**Exercise details:** An exact reproduction of the records is required, with all images left out.

**Data to examine:**
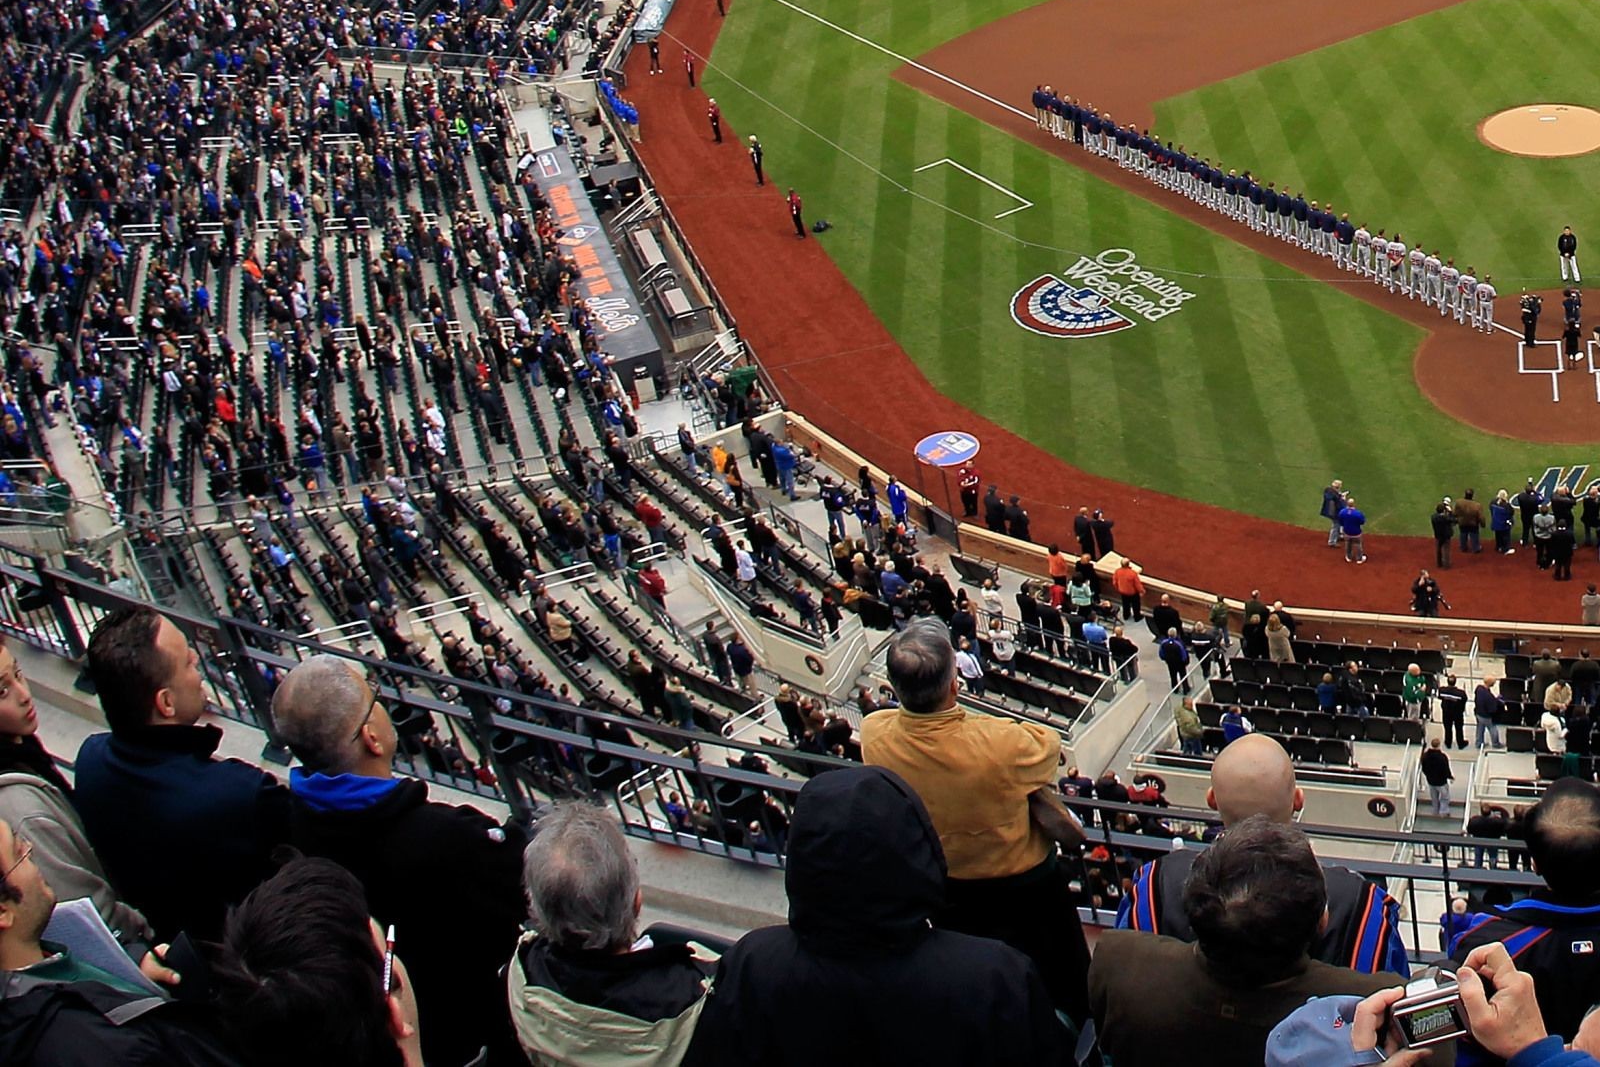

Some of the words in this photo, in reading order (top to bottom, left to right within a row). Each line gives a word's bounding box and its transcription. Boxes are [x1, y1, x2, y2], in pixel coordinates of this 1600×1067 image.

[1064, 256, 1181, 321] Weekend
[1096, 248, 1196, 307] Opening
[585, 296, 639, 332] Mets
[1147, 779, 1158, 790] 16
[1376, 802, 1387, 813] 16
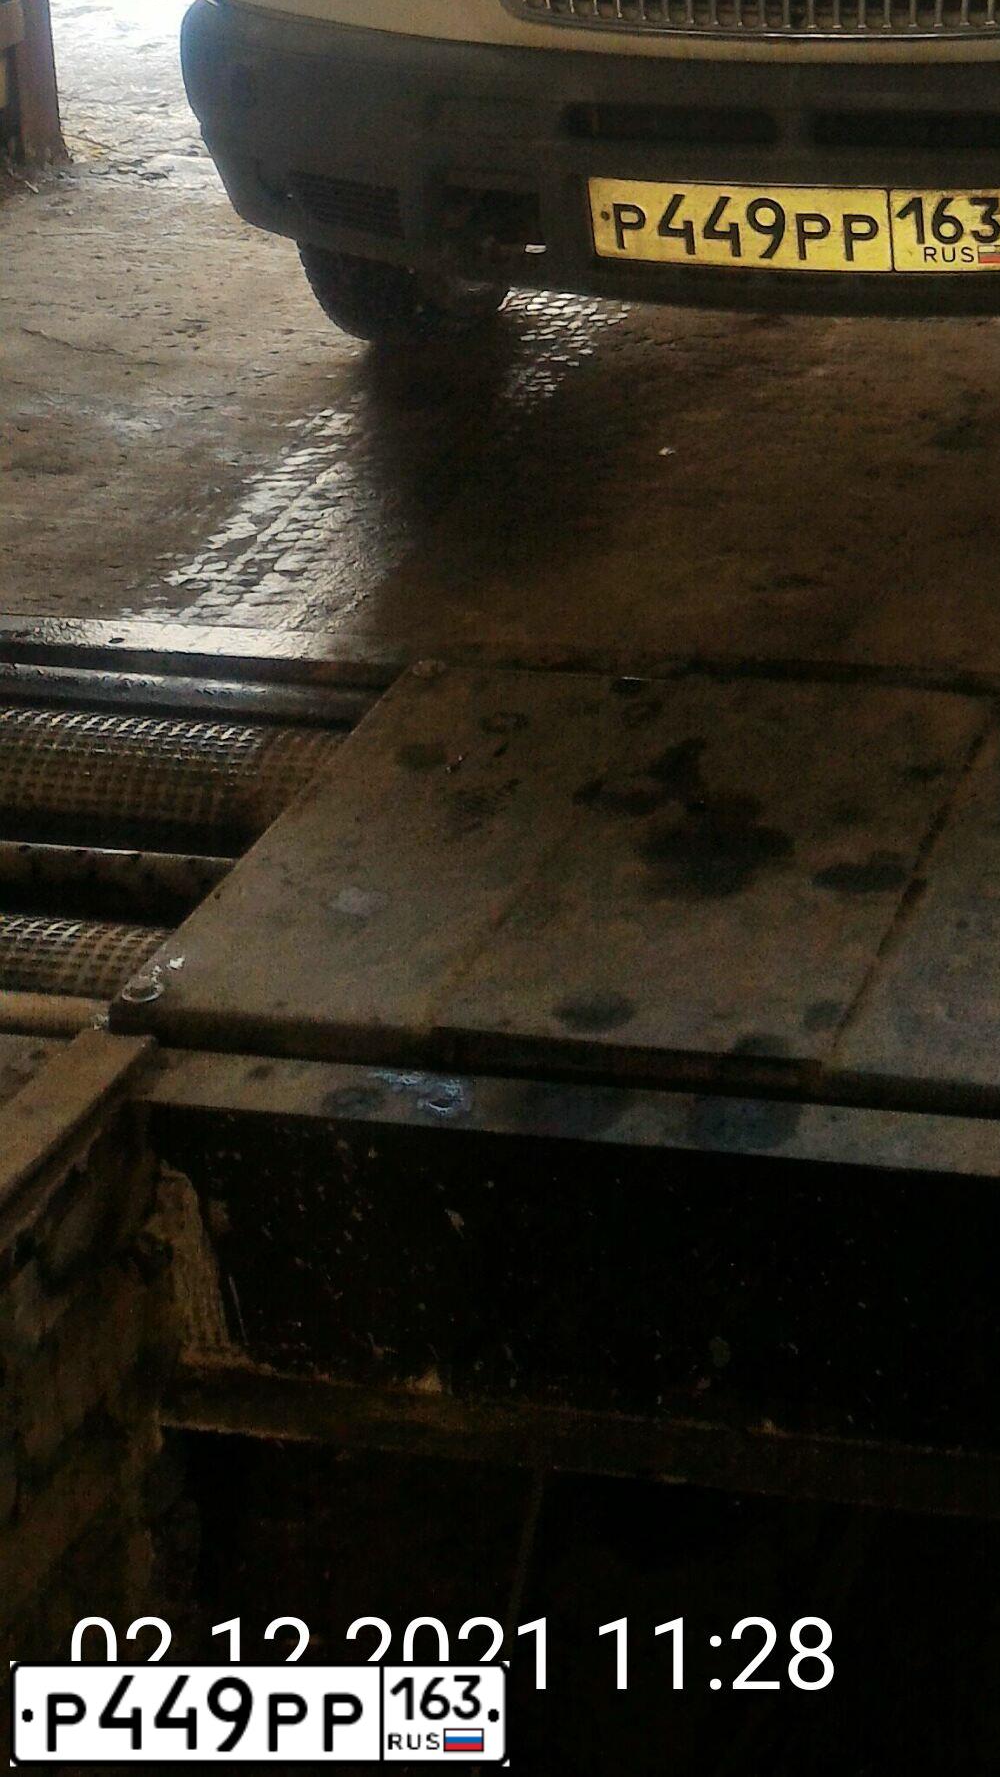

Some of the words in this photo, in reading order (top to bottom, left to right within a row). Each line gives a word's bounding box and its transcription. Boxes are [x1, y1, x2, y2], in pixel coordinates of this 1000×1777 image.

**Result of the task:**
Some of the words in this photo, in reading order (top to bottom, left to right within a row). Each line gives a word's bounding box and its transcription. Boxes are [x1, y1, x2, y2], in pixel coordinates of this 1600×1067 image.

[1064, 256, 1181, 321] Weekend
[1096, 248, 1196, 307] Opening
[585, 296, 639, 332] Mets
[1147, 779, 1158, 790] 16
[1376, 802, 1387, 813] 16

Some of the words in this photo, in reading order (top to bottom, left to right within a row). Each line gives a word's bounding box and its transcription. Boxes are [x1, y1, x2, y2], in pixel coordinates of this 1000×1777 image.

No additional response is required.